How to Avoid Probate in Orange County

Helping Avoiding Probate in Irvine & Beyond 

One of the main goals of estate planning is to avoid the unpleasant experience of probate. When an individual passes away without leaving behind an estate plan, their assets and property must then go through the probate process in order to be distributed. This generally involves litigation and a great deal of stress, as well as other emotions for the surviving family members and loved ones of the deceased.

You may establish a living trust in California to escape probate on practically every asset you possess, including real estate, bank accounts, cars, and so on. You'll need to make a trust declaration (similar to a will) in which you appoint someone to act as trustee after your passing (called a successor trustee). After that, as the guardian of the trust, you must transfer possession of the property to yourself. After that, the land would be under the jurisdiction of the trust's terms. Your replacement trustee will be free to pass it to the trust beneficiaries without having to go through probate court.

Contact us online or call us at (714) 384-6053 to get started on your case!

If you own land jointly with another person and the inheritance requires the "right to survivorship," the remaining owner inherits the property until the other owner dies. To pass the land, no probate will be required, but certain documents will be required to prove the title to the property is owned exclusively by the surviving owner.

These styles of shared ownership are available in California:

Joint tenancy.
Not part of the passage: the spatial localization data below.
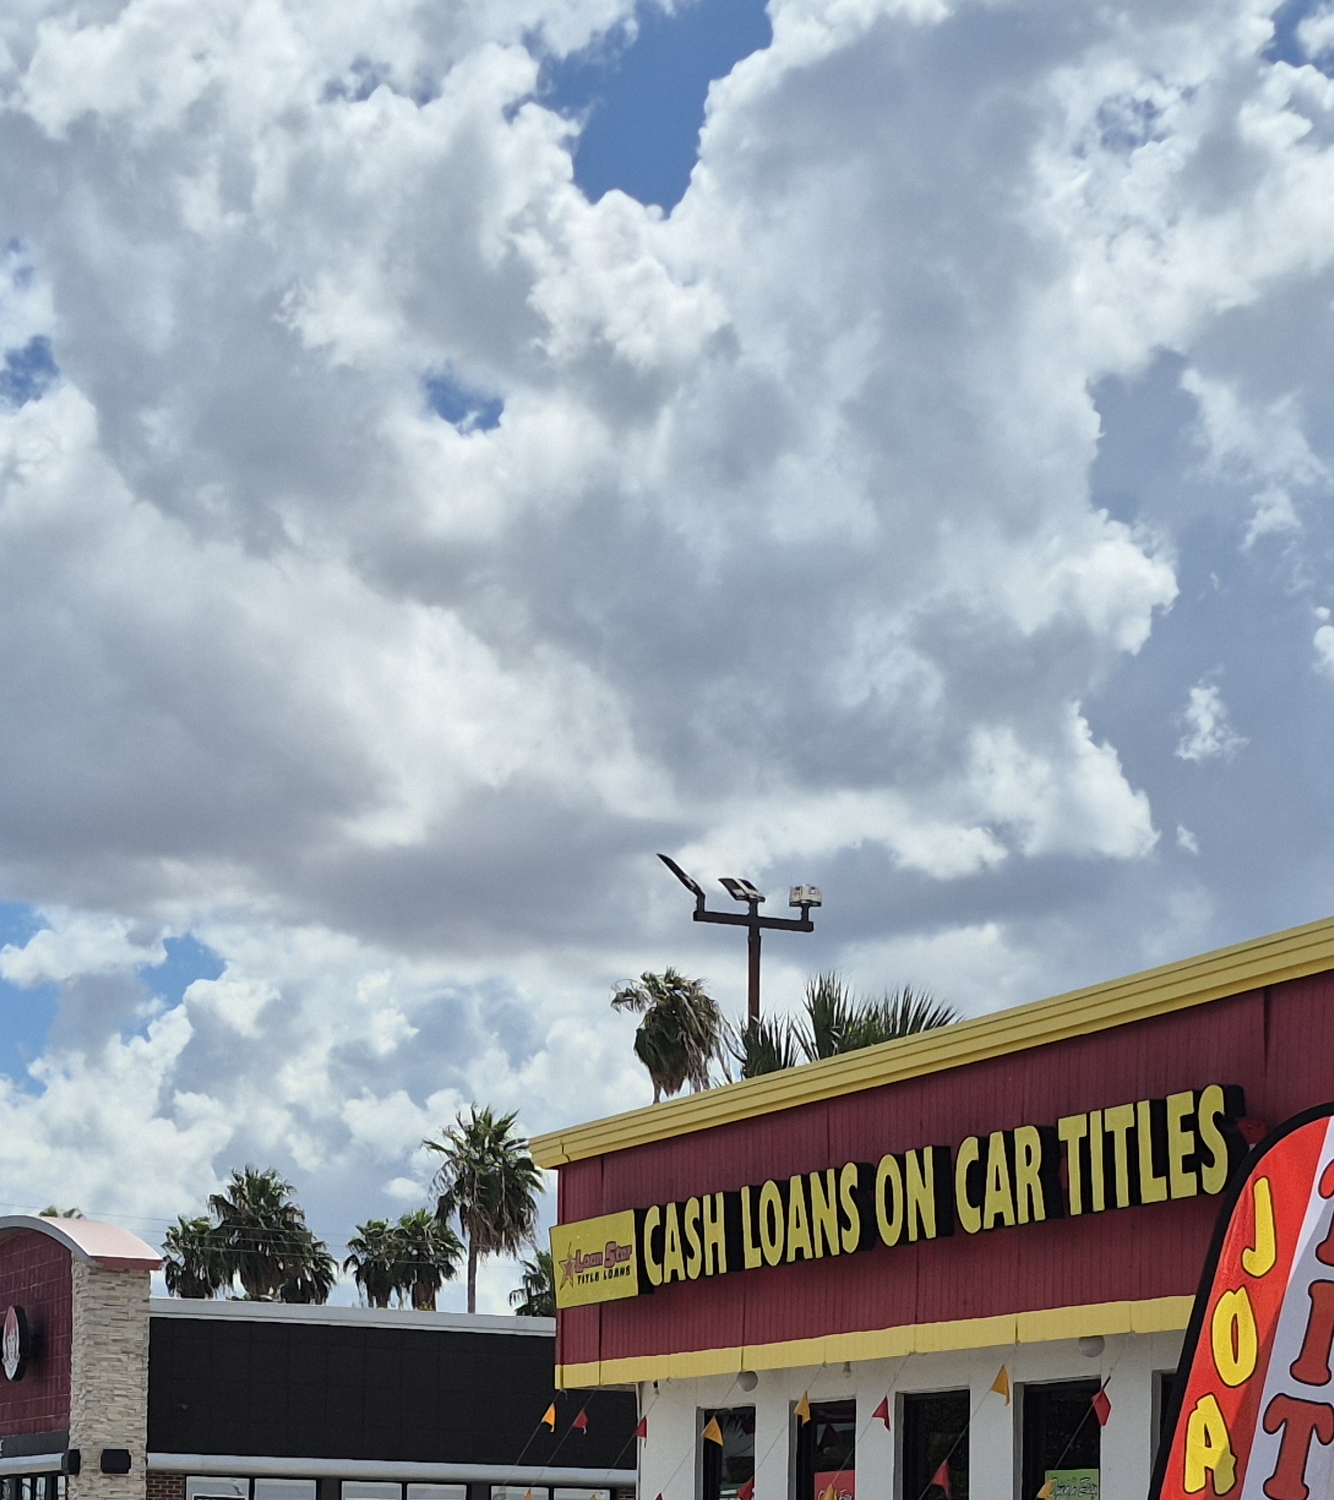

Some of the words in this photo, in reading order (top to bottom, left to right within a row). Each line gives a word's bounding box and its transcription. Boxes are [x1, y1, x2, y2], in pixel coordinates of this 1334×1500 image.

[644, 1192, 727, 1287] CASH
[741, 1162, 859, 1270] LOANS
[875, 1146, 936, 1247] ON
[955, 1125, 1046, 1234] CAR
[1058, 1084, 1226, 1216] TITLES
[575, 1248, 603, 1273] Loan
[604, 1240, 632, 1269] Star
[577, 1271, 599, 1285] TITLE
[603, 1265, 630, 1280] LOANS
When one of the joint tenants dies, the house immediately passes to the remaining owners. There is no need for probate. When spouses (married or not) buy real estate, cars, bank accounts, or other valued property together, joint occupancy is always the best option. In California, each joint tenant must own an equal share of the property.
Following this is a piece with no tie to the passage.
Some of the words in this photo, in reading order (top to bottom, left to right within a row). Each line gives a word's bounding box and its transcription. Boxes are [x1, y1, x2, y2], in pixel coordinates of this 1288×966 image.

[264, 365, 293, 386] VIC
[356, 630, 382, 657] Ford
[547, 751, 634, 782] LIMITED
Property in the society with a right to survivorship. California is a community land jurisdiction, which ensures that unless they take action to hold their property separate, spouses and licensed intimate partners share all property purchased through the union jointly.

Mortensen & Reinheimer, PC serves to help individuals plan their estate so as to prevent their loved ones from having to endure the necessity of probate. A common misconception that people have is that simply preparing a will can avoid probate. However, a simple will is not a non-probate transfer like a trust. Thus, the will must be brought before the probate judge and be found as a valid document, after which the probate process must occur, which can lead to estate litigation.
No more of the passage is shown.